İşte bunun son örneği Antalyaspor karşılaşması.. Rakip kadro yapısı ve ara transferleriyle dikkatleri üzerinde toplayan ekip.. İlk bakışta maçın favorisi gözüküyor.. Ama yeşil çimlere inildiğinde durum değişiyor.. Çünkü işini seven adamlardan kurulu bir Gaziantepspor var..
Kalede Karcemarkas eski özlenen günlerini dönüşünün müjdesini veriyor sanki.. Binya 'özellikle yönetime 'ya Dany'e ne gerek var, ben yeterim'dercesine inanılmaz işler yapıyor.. Maçın sonuna kadar izleyen herkese 'Binya varsa korkmaya gerek yok' dedirtiyor.. Stankevicius eski maçlarına oranla daha az hatasız oynuyor.. Tecrübesini iyi kullanarak tam bir görev adamı olduğunu gösteriyor.. Kemal'in artık Samsun'daki görüntüsüne dönme işaretlerini vermesi, Şenol'un ise kendine has oyun anlayışını az faulle kapatması, iyiye işaret olarak yorumlanıyor..

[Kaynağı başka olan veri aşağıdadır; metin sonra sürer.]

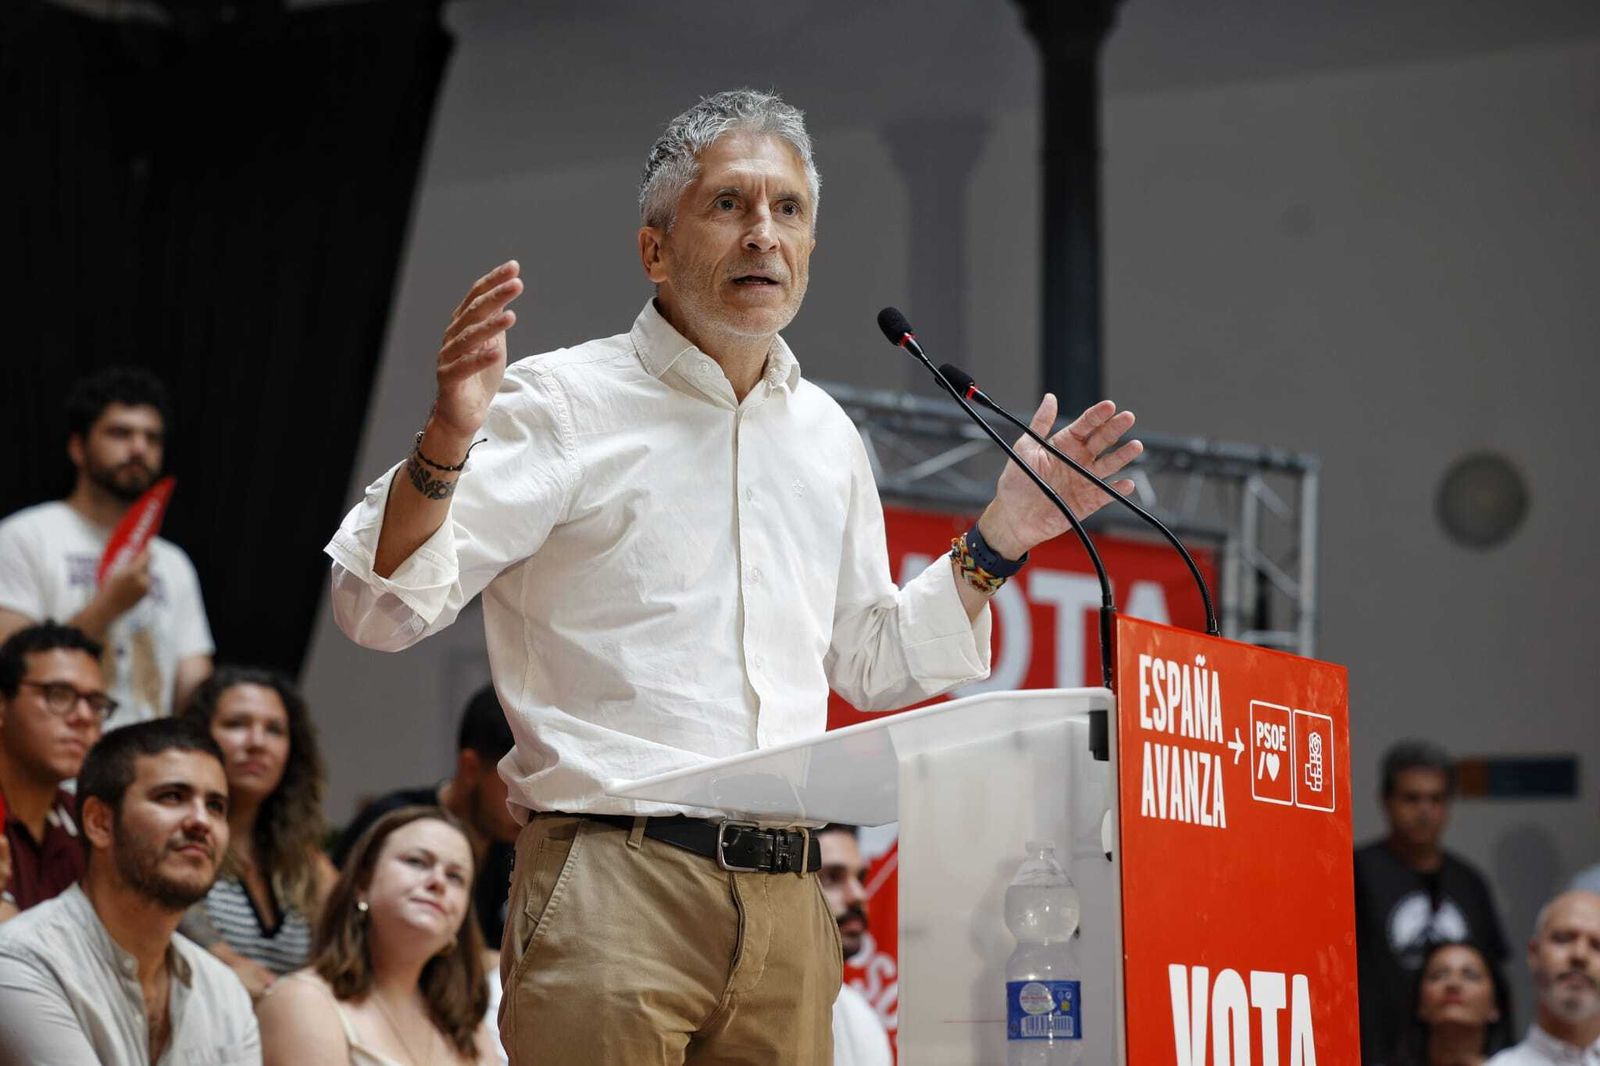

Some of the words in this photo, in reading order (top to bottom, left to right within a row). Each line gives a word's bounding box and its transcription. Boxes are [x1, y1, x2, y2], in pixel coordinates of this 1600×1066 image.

Bekir ve Traore, 'Galatasaray maçındaki yokluklarının ne kadar önemli olduğunu bu maçta bir kez daha gösteriyor.. Bekir'in gösterişsiz ama harika oyunu, Traore'nin ise Türkiye'de artık gözlerin üzerine çevrileceği oyun anlayışı ve attığı golle takımına galibiyete getirmede üst düzey rol oynaması hepimizin alkışını hak ediyor..
Galatasaray maçında kaçırdıklarıyla gündemden düşmeyen Turgut ile Mustafa'nın mücadelesine Cenk'in ayak uyduramayışı dikkat çekse de, galibiyette önemli payları olduğu gerçeğini göz ardı ettirmiyor..
…Ve son olarak tüm bunlara ilaveten, kenarda olduğu sürece, takımına ve oyuncularına güven aşılayan Sergen Yalçın'ın 8 maçlık performansının, Gaziantepspor'a özellikle ikinci yarıda yepyeni hesaplar yapma zorunluluğu doğurduğunu mutlaka belirtmeliyim..
SESSİZ OLUN, İŞİNİZE BAKIN
Bir önerim de yönetime olacak.. Tabii hepsini kapsayacak öneri.. Çok şeyler yaşandı, çok şeyler oldu.. Ve nihayetinde olumlu olumsuz her şey geride kaldı.. Geride ne kaldı ise, şimdi allanıp pullanıp, dedikodu mahallelerinde söylenmeye başlanıyorsa, şimdiden söyleyeyim, ileride takıma zarar verecek boyuta gelirler..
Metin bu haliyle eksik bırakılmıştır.